The rest of the funeral was a blur as I watched the kitchen staff take turns saying their peace with him. I didn't have the strength to finish off the funeral so Madara did it for me. I only stood blankly as they lowered his body into the designated grave. I didn't have tears to shed and I didn't have the strength to speak when the pastor called for anyone to say anything else. I turned and walked back to the manor in silence as the thought of no longer having Kiba circled in my head.

Madara knew I was broken up about the idea of losing Kiba, so I'm thankful that he gave me the space I needed at the moment. At least he didn't have to worry about me leaving him for Kiba as if that was ever going to happen even when he lived. I shake my head of those silly thoughts and strip to take a long hot shower. I turned on the water all the way to hot with a bit of cold and stepped into the glass shower. A new burst of tears escaped my eyes as I sob into the shower wall and sit on my knees, he didn't deserve this! Kiba never deserved to be a slave and if I could I would have sent him far away, but he wouldn't let me! He wanted to be here with Madara and me despite how awful we treated him at times. I shake my head as the water cascades down on me and I wonder what we did to deserve to be attacked.

Madara has always been an independent company man, buying slaves from the trade without questioning where they came from, but giving his money anyways. I was a quiet, well behaved, sex-slave that never wanted anything more than a good master which I found in Madara. We'd lived quiet and independent lives without interfering on anything that the leaf was doing despite knowing full well that it wasn't legal. I don't understand why Naruto attacked us, why the leaf viewed us a threat to them when we would've never done anything to them without them attacking first. Is it because of Kiba that we were attacked? Did he say or do something while he was in captivity? No, he wouldn't have. It had to be someone that knew Kiba from Konoha that said something.
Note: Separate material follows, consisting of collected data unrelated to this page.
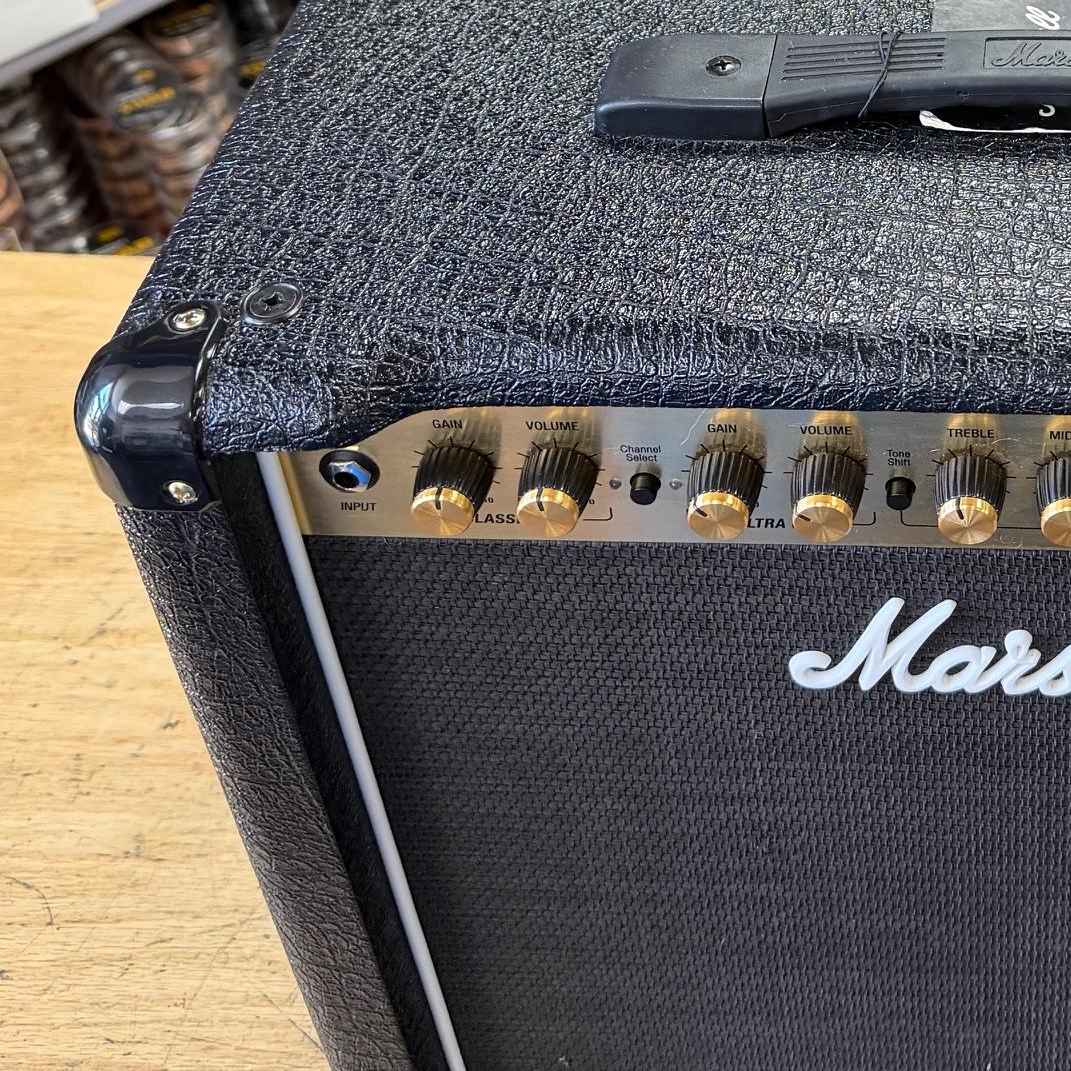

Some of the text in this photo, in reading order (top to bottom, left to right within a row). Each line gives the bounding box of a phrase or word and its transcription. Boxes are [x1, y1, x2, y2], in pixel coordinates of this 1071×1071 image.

[432, 418, 463, 430] GAIN
[525, 420, 579, 432] VOLUME
[707, 423, 737, 434] GAIN
[799, 425, 852, 437] VOLUME
[947, 428, 995, 439] TREBLE
[620, 444, 662, 455] Channel
[887, 449, 911, 458] Tone
[625, 453, 658, 463] Select
[887, 457, 912, 467] Shift
[340, 502, 376, 512] INPUT
[747, 517, 786, 529] LTRA
That pink-haired girl, Sakura, had to be the one that did something. She was the closest to him after the most recent war and I never saw him without her. Damn it! I hit the shower wall as so many emotions swirl in my head and surround me. I hope she realizes that she got Kiba killed by ratting on the industry, but I'm sure she will because she won't go unpunished. I will make sure of that. I let out a growl the back of my throat as the thought of revenge consumes me.